Edge Cases & Failure Handling

  • Two source columns map to one canonical field. If a vendor export carries both ISCI and ISCI_CODE and both map to isci, the second write silently wins. Guard against it by asserting no duplicate targets when the map loads, and prefer the more specific column explicitly — never let dictionary order decide which creative ID survives.
  • A required canonical field never appears. The mapper produces whatever the row contains; a missing order_id is not the mapper’s error to raise. It flows to the canonical model, where the constraint fails closed with a clear message. Keep the two responsibilities separate so the failure reason is unambiguous — mapping surfaces unknown fields, validation catches missing ones.
  • A new vendor column that is actually important. The review file is the safety net: a Promo_Tag parked today is reconciled tomorrow into either VENDOR_MAPS (if it belongs in the dictionary) or IGNORED_COLUMNS (if it does not). Never resolve it by loosening the mapper to accept arbitrary keys, which is how an un-typed value slips into the canonical layer. When a genuinely new concept appears, it belongs in the canonical data dictionary first, then the map.

FAQ

Why not just lowercase the vendor headers and hope they match?

Because the names genuinely differ, not just in case. Avion’s HouseNo, Avstar’s house_number, and a legacy CART all mean the same canonical house_number, and no casing rule bridges them. An explicit rename map per vendor is the only lossless way to converge dialects, and it doubles as documentation of exactly which vendor column feeds each field in the canonical data dictionary. Auto-lowercasing also hides new columns, defeating the whole point of flagging unknowns.

Should the mapper coerce all types, or just rename fields?

Keep it to renames plus the few unambiguous primitive coercions — dollars to integer rate_cents, blank to None. Everything constraint-shaped (timezone-aware datetimes, ISCI patterns, duration bounds) belongs to the canonical model’s validators, following the Pydantic validator pattern. Splitting the passes means a rename failure and a constraint failure are never confused, which makes both the review file and the validation report actionable.
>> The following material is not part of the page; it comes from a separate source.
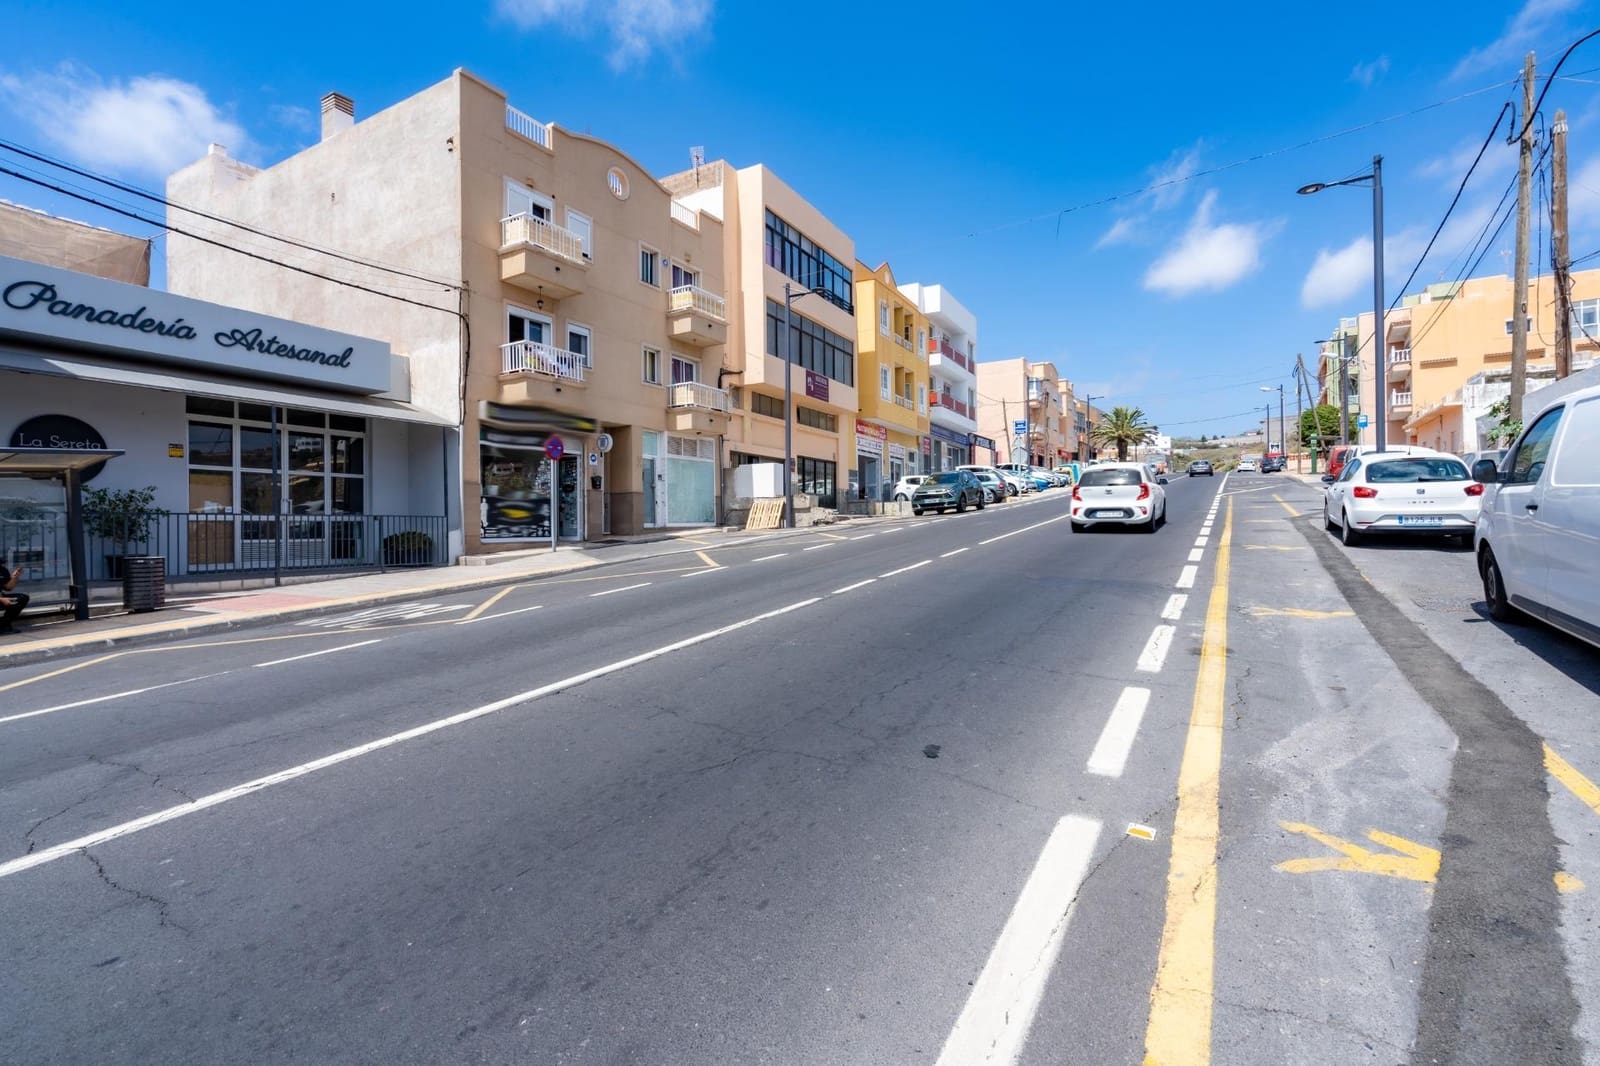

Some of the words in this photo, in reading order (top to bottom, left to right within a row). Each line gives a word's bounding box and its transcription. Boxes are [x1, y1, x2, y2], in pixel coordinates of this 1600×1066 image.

How do I handle Avion and Avstar exports that disagree on the same field?

Map each to the same canonical name and let the difference resolve at the vocabulary boundary rather than downstream. The known divergences — column names, rate representation, timestamp format — are catalogued in the Avion vs Avstar export format comparison. Because both vendors resolve into one dictionary, the scheduler and billing engine never learn which system a record came from except through the explicit source_system field.

What happens to the columns I put in the ignore list?

They are dropped deliberately and logged as ignored, not flagged as unknown — that distinction is the point. Operator initials or an export batch checksum carry no canonical meaning, so keeping them would only pollute the record. Anything not in the map and not in the ignore list is treated as unknown and parked for review, so the ignore list is an explicit statement that you have seen a column and chosen to discard it.

How does this relate to mapping ISCI and Ad-ID to house numbers?

This mapper resolves which column becomes isci, ad_id, and house_number; reconciling the values — matching a creative’s ISCI or Ad-ID to the right house number — is a separate join covered in mapping ISCI and Ad-ID to house numbers. Do the field mapping first so all three identifiers land under stable names, then run the value reconciliation against the canonical record.